*How to complete this task*.
Output the entries word for word. Omit images.

*** Opening Data section ***

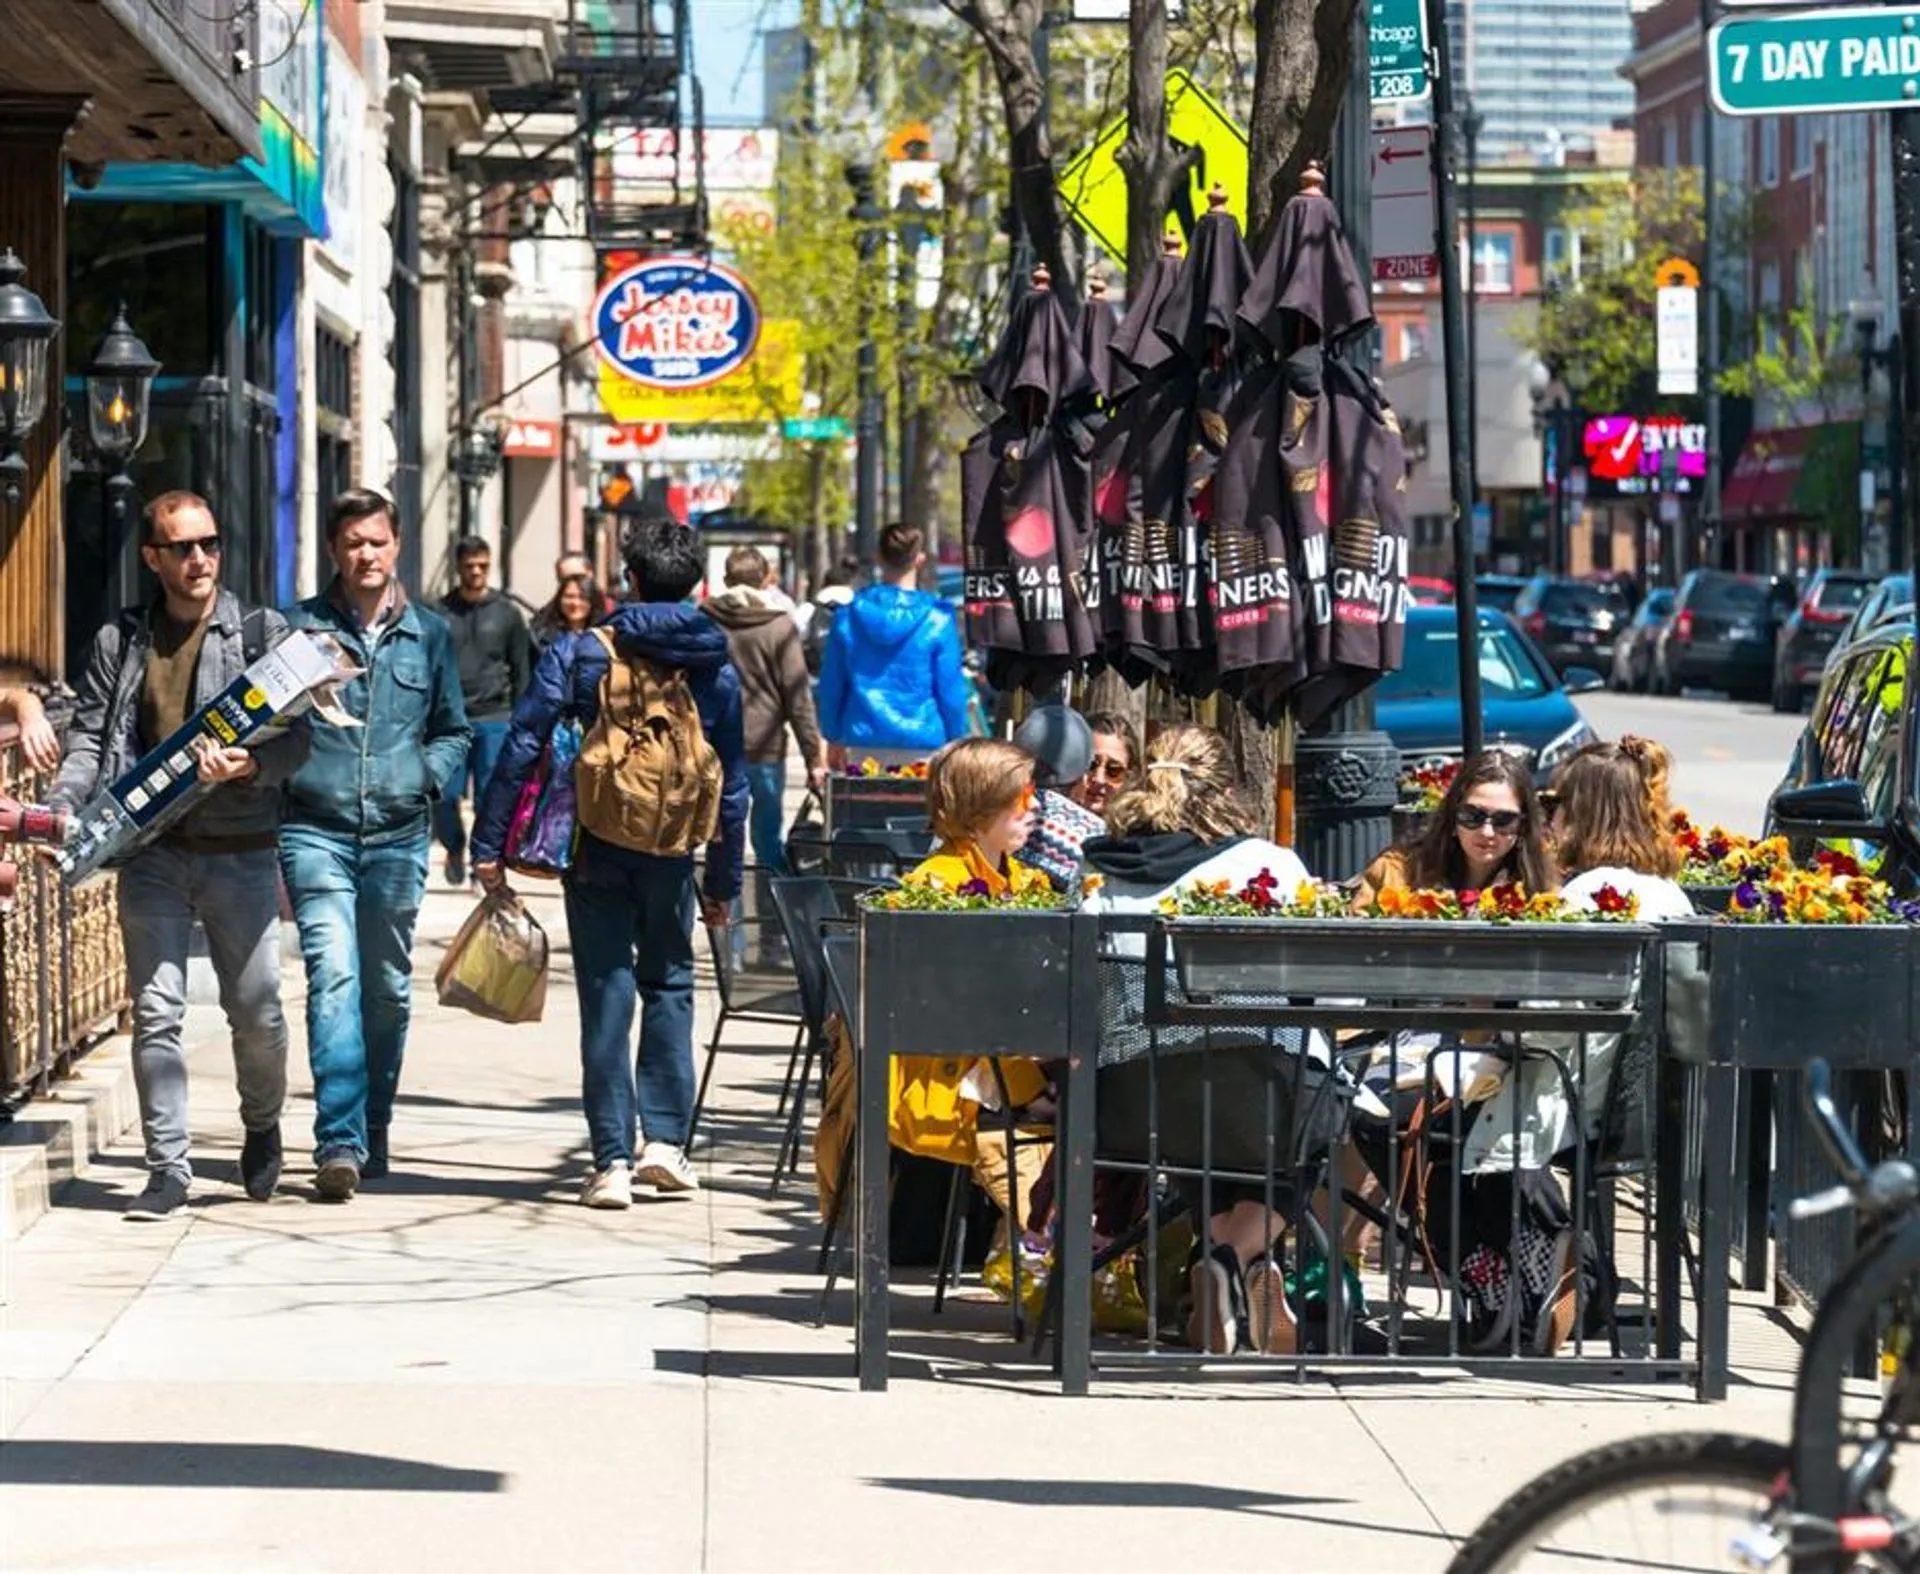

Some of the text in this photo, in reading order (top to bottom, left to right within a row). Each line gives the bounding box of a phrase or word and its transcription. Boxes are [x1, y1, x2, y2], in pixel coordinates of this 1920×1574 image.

[1370, 23, 1417, 44] hicago
[1726, 35, 1920, 84] 7 DAY PAID
[1380, 75, 1413, 96] 208
[1386, 257, 1430, 277] ZONE
[609, 279, 740, 328] Jersey
[1218, 567, 1290, 608] NERS
[1221, 607, 1260, 628] CIDER

*** Closing Data section ***

*Solution to this task*.
Some of the text in this photo, in reading order (top to bottom, left to right within a row). Each line gives the bounding box of a phrase or word and its transcription. Boxes are [x1, y1, x2, y2], in pixel coordinates of this 1920×1574 image.

[1370, 23, 1417, 44] hicago
[1726, 35, 1920, 84] 7 DAY PAID
[1380, 75, 1413, 96] 208
[1386, 257, 1430, 277] ZONE
[609, 279, 740, 328] Jersey
[1218, 567, 1290, 608] NERS
[1221, 607, 1260, 628] CIDER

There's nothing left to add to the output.